Let’s start with a simplified overview of attorney ethics. As you may already know, attorneys are part of a regulated profession. Being part of a regulated profession means that someone who wants to practice law has to jump through some hurdles (i.e., graduating from law school , passing the bar exam in at least one state, and undergoing a review of their character and fitness to practice law) to get a law license and become an attorney. 

But being part of a regulated professional also means that attorneys have to follow certain rules that provide the parameters for how they do their jobs. These are known as attorney ethics rules (or the code of professional conduct for attorneys). 

Although the rules may vary from state to state, there are some rules that are common in every state which are relevant to the legal info vs legal advice discussion: 

  1. Attorneys are allowed to explain legal concepts to non-lawyers. Legal principles can often be  confusing, and attorneys should help to demystify the tangle of legal issues that affect our day-to-day lives.
  2. But when explaining legal concepts to non-lawyers, attorneys must clearly define what their relationship is to the people to whom they’re providing the explanation. The reason for this is simple — people deserve to know the extent to which a lawyer is helping them because lawyers are allowed to limit how much help they provide to a particular person or group of people.

Making the Distinction

Exploring the concept about limited help from lawyers brings us to this thought: The difference between legal information and legal advice is the difference between education and representation.

If an attorney says that she is providing you with legal information only, she is limiting her role in your life to that of a teacher. In this context, the attorney’s goal is to help you understand legal principles in general by explaining them to you in an accessible way. To do this, the attorney doesn’t necessarily need to know the specifics of your issue and probably won’t ask about it. As a result, she typically doesn’t charge you legal fees because she’s limited her help to educating you about a legal topic overall, without considering the facts of your situation.  There’s no attorney-client relationship in this scenario. Since the application of the law is heavily influenced by facts, if you rely only on legal information to resolve an issue, you do so at your own risk.

In contrast, if an attorney says that she is providing you with legal advice, she must apply the law to your specific issue after discussing the relevant facts with you. Her goal here is also to help you understand the applicable legal principles, and she should explain them to you. But in the role of an advisor,  the attorney has agreed to counsel you about what you should do and to act on your behalf in order to help you pursue a favorable resolution to your legal issue. As a result, the attorney will charge you legal fees because she has expanded her help to representing you. There is an attorney-client relationship in this scenario. And you should have a written contract that lays out the terms of this relationship.
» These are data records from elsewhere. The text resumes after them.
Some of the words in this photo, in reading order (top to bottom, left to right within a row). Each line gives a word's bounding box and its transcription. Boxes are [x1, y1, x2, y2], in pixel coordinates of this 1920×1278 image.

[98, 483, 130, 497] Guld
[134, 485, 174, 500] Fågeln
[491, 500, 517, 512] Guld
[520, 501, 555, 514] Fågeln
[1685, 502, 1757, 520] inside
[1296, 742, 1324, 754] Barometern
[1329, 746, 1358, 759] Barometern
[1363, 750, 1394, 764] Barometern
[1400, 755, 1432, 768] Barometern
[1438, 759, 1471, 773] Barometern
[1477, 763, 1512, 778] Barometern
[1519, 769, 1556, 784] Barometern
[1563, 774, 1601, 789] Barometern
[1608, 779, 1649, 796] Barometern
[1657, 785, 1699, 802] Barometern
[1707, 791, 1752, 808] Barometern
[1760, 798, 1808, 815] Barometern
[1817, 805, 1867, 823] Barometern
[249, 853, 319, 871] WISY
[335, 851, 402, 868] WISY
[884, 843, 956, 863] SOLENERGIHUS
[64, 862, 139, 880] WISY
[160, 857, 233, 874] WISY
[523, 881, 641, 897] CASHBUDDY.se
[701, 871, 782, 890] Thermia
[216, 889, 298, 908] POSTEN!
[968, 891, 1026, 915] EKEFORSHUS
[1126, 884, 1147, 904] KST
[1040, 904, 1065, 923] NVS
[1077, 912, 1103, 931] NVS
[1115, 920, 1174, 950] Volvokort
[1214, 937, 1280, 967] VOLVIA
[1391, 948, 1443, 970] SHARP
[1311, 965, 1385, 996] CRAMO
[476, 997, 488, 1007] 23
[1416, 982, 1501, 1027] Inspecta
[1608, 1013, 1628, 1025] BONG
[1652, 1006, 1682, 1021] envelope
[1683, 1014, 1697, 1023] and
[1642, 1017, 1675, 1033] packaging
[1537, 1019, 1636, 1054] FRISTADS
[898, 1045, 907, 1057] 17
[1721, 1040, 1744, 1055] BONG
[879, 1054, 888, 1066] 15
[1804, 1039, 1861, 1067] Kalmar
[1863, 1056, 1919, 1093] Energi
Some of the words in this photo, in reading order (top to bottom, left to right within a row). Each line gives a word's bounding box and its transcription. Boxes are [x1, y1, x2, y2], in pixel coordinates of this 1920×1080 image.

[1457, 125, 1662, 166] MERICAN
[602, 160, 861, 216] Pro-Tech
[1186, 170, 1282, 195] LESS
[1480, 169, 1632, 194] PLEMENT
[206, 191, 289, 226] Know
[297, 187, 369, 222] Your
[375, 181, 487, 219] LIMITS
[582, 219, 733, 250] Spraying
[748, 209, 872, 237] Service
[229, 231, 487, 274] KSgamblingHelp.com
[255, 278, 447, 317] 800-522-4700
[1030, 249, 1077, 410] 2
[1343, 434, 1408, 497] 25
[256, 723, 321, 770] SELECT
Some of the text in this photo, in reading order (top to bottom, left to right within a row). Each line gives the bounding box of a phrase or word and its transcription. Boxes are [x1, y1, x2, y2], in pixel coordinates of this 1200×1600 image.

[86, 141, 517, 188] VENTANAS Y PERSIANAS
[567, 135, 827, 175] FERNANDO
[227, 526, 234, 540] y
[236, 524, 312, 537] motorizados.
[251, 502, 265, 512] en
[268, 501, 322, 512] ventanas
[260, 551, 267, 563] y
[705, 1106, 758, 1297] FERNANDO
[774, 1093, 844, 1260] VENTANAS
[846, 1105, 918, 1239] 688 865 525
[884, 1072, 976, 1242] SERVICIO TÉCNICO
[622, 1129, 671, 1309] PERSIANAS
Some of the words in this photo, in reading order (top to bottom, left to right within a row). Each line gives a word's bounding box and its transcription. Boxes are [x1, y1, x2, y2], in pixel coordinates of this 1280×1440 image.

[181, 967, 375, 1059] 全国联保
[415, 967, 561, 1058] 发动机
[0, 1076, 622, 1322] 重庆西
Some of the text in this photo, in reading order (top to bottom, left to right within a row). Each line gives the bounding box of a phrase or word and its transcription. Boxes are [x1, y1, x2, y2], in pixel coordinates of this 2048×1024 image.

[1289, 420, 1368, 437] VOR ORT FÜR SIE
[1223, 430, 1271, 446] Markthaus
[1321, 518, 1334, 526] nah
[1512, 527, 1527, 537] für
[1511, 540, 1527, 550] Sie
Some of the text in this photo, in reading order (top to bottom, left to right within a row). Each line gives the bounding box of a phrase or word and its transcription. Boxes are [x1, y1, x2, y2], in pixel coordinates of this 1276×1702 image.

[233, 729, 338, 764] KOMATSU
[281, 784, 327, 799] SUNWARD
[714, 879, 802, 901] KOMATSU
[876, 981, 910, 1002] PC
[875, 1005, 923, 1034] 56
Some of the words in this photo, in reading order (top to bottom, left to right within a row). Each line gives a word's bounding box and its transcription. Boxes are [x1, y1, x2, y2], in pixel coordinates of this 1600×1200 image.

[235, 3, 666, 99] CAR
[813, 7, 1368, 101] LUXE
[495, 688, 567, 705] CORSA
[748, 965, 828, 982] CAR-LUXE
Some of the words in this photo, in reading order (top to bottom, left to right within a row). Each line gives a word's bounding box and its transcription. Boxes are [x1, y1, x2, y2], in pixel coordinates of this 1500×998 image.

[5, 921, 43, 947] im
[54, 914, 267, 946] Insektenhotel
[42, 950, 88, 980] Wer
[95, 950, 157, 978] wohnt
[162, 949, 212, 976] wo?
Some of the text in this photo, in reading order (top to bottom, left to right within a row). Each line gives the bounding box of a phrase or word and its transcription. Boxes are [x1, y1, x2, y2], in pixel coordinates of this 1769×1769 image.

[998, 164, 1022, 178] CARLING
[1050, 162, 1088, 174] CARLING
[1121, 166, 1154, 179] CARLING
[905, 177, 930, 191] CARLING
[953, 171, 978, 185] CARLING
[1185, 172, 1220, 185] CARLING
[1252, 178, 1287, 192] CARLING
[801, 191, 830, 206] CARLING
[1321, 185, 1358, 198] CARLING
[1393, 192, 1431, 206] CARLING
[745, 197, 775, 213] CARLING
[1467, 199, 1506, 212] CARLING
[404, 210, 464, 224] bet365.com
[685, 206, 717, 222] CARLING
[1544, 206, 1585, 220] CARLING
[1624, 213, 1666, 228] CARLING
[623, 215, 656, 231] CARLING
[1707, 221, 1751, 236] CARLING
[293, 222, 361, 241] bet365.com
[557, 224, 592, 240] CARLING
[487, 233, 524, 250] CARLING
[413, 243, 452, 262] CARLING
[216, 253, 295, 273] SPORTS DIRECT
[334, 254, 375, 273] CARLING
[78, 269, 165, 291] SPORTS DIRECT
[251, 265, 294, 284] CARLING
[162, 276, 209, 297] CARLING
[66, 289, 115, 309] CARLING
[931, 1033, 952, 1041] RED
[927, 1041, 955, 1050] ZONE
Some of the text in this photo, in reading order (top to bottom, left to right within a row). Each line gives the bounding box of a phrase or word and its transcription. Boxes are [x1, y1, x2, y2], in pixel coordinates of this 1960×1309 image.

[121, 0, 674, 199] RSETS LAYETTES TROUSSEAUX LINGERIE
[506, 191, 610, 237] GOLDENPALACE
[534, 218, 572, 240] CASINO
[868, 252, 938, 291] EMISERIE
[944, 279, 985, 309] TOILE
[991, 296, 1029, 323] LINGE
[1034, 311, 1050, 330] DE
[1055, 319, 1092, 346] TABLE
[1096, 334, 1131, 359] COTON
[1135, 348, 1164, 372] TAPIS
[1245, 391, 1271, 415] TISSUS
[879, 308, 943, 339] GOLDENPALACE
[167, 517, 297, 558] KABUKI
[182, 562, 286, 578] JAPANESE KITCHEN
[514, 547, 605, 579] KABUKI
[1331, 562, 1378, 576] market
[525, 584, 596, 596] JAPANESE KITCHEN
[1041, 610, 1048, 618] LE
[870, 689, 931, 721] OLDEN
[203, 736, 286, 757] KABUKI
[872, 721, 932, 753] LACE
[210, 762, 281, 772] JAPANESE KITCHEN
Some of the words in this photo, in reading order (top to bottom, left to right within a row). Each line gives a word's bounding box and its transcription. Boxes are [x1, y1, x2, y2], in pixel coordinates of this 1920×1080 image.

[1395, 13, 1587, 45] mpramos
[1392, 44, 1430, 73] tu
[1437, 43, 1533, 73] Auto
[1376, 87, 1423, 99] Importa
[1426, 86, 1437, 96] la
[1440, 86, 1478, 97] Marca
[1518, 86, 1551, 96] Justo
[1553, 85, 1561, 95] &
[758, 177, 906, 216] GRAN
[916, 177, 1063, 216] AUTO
Break It Down More, Please...

Okay, let’s consider an example. Here’s a hypothetical situation:

Sally is thinking about starting an online business. She’s in the process of doing research to figure out how to get started, especially with regard to protecting her intellectual property. She plans to sell refurbished iPhones, iPads, and Macbooks way cheaper than what Apple sells them for. But her genius idea is to call her company Appel Computers to attract people to her brand instead of going to Apple.

One day, Sally comes across a blog post on Mitton Law’s website called “How Do I Protect My Ideas,” which provides legal information about how to take action to create intellectual property. She thinks this is great! Taking the information in the blog post to heart, she rushes to buy a domain for appel.com, forms a company called Appel Computers Inc, and sets up an online store to start selling her products.

Things are going well, and she’s built a great following around her Appel brand. She’s making a decent amount of money too. But then, Sally gets a cease and desist letter from Apple’s lawyers. The letter says that she’s infringing on their trademark, and if she doesn’t stop, they’ll take her to court.

Sally is devastated. She’s already spent a ton of cash on her website, her business cards, and other marketing materials. She set up bank accounts and accepts credit card payments from customers in the name of Appel Computers.  She knows it’ll take a lot of time and money to rebrand her company, but doing that is far less costly than fighting with Apple in court. She decides to do the rebranding, at great expense.

Where did things go wrong for Sally? She did a smart thing by searching the web for information about protecting her intellectual property. By reading the blog post, she learned about the importance of acting on her ideas for the sake of her business.

But she relied on the post without inquiring further. If she had sought legal advice from an attorney who could apply the law to her facts, she would have quickly been warned off of the Appel name for her type of business.

Wrapping It Up

So does this mean that legal information is useless? Absolutely not!

In the information age, there’s virtually nothing you can’t learn by typing your question into a search engine and reviewing the results. But the key word in that last sentence is learn. The purpose of legal information is to help you learn about how the law works, not to completely replace the sage advice of an experienced lawyer.

Legal blogs, podcasts, videos and other sources of legal information are a great starting point for research about the law. They’re also great tools for researching particular attorneys. So keep reading, listening, and watching. You just may find the attorney that’s right for you if the time comes for you to get help to resolve a specific legal issue.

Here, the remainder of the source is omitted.